E(X) = summation of nPx(X)
Thus: n=number of balls and urns (n = 1,2,3,...n)
p = 1/n
So I get: E(X) = (1*1/n) + ((2*(1/n)) + ((3*(1/n)) + ((n-1)*(1/n)) +
(n*(1/n))
= n!/n = (n-1)!
I peek into the back of my book for the answer to this question and
it's not THAT answer.
The answer is: n(1-(1/n))^n
I try to backwards derive how they came to this step since I know the
answer, I start from there. I substitute known values making
k = 0 urns are filled
p=1/n:
B(n,0)=C(n,0) * p^0 * (1-1/n)^(n-0) = 1*1*(1-(1/n)^n)
Eureka, there's some of my answer ..once I simplify it some, it
condenses to the book's answer partially. I'm not sure where that
extra n came from. So I scratch that part out.
So I rethink this again and came up with E(X) = n(1-(1/n))

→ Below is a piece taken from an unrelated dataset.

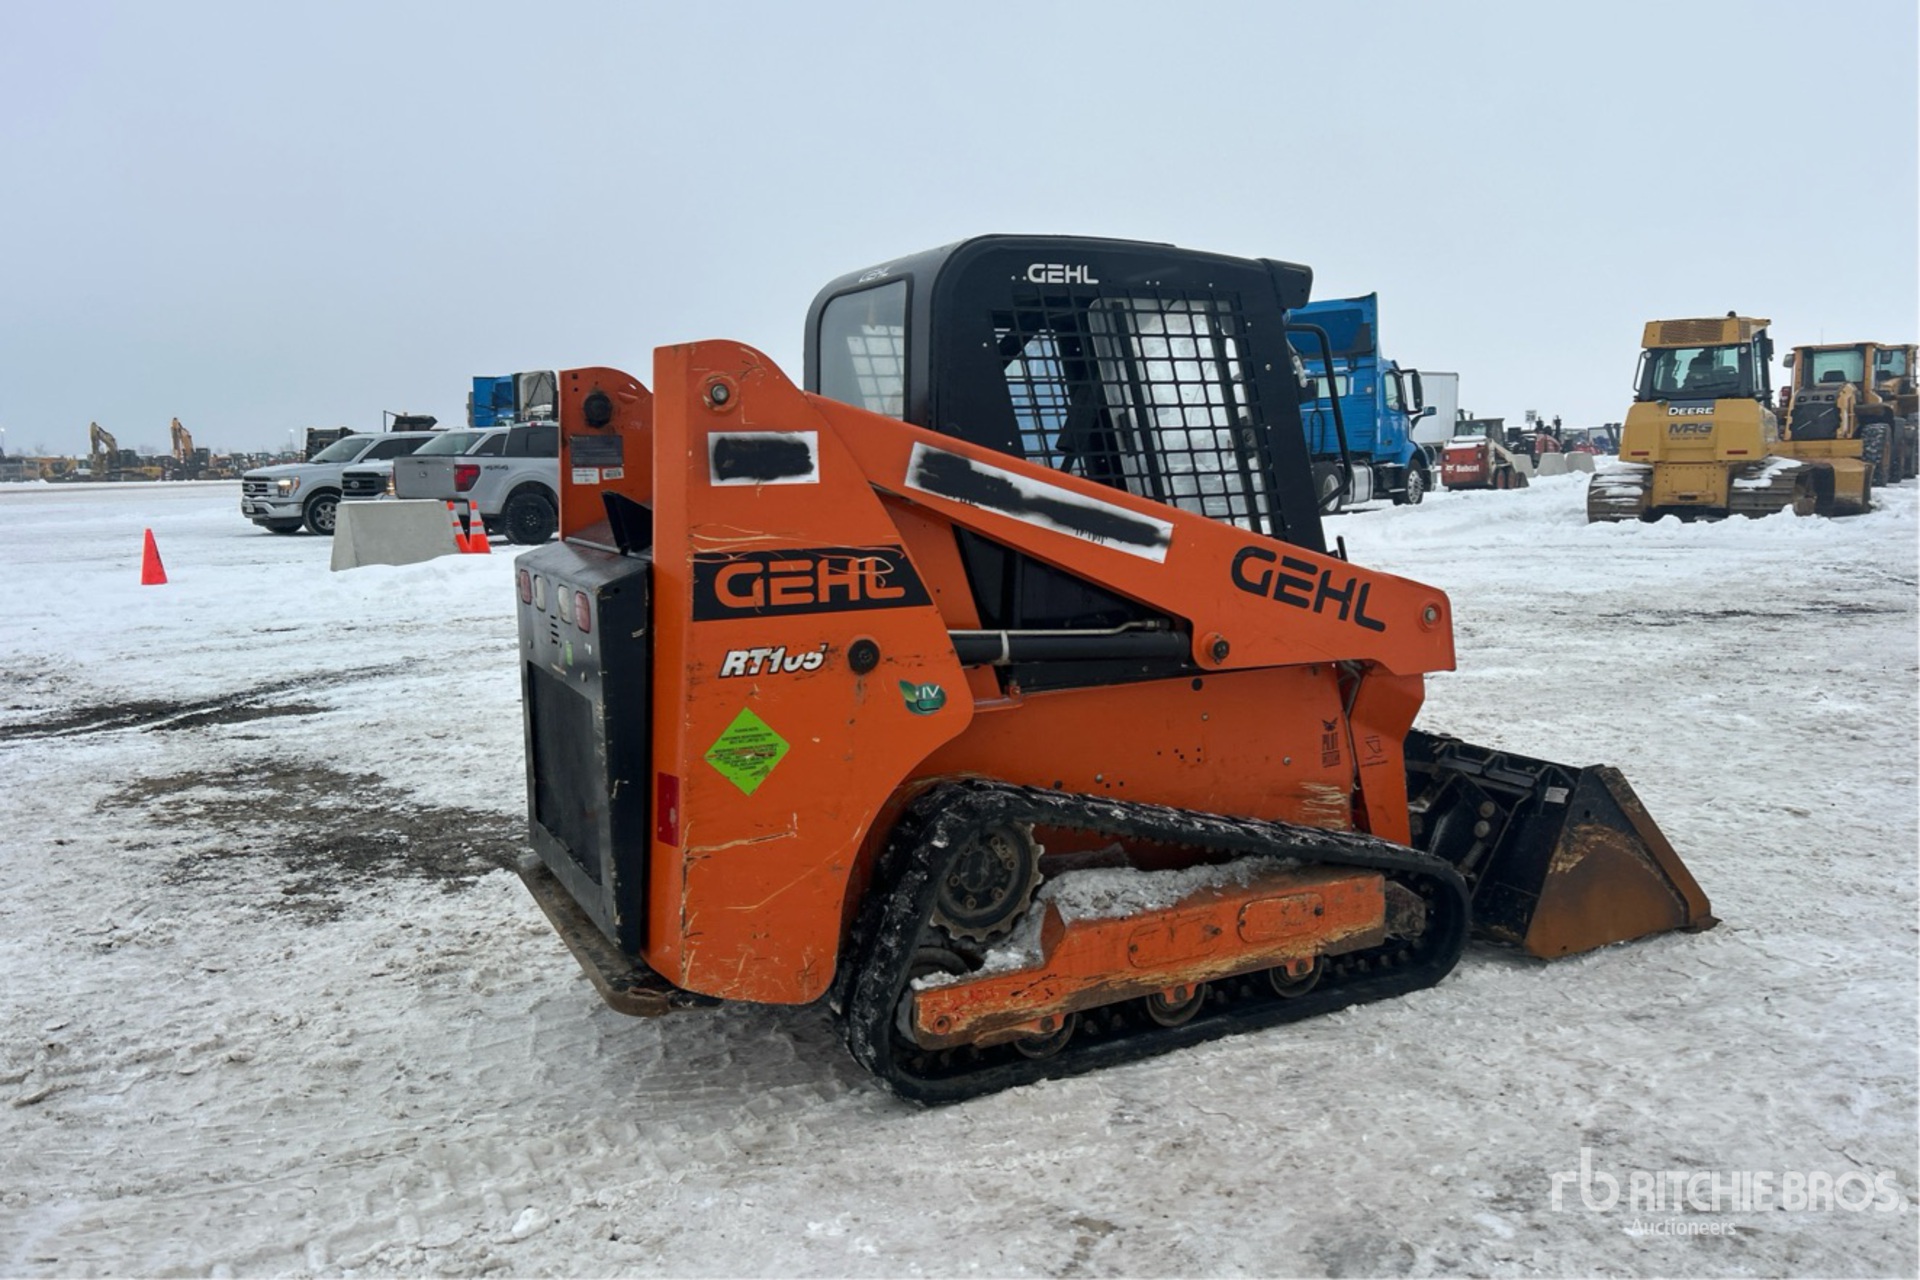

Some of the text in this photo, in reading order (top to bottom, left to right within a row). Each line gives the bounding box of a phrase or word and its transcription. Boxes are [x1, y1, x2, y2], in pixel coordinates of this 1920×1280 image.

Agggh. I'm realizing the expection formula has no power to it. I'm
going in circles in my head. :(
Any insight to this is helpful,
Thanks in advance,
Taria the Weary
The probability that a particular ball will not be in urn 1 is 1-1/n.
So the probability that no balls are in urn 1 is (1-1/n)^n. That is
the expectancy of urn 1 being empty is (1-1/n)^n. This means that the
expected number of empty urns is n (1-1/n)^n.
Rob Johnson <r...@trash.whim.org>
take out the trash before replying
to view any ASCII art, display article in a monospaced font
I'll write a detailed, rigorous proof:
"Probability for a urn to be empty is x=(1-1/n)^n since a ball is not placed in that urn with a probability (1-1/n) and we supposed the balls are placed independently.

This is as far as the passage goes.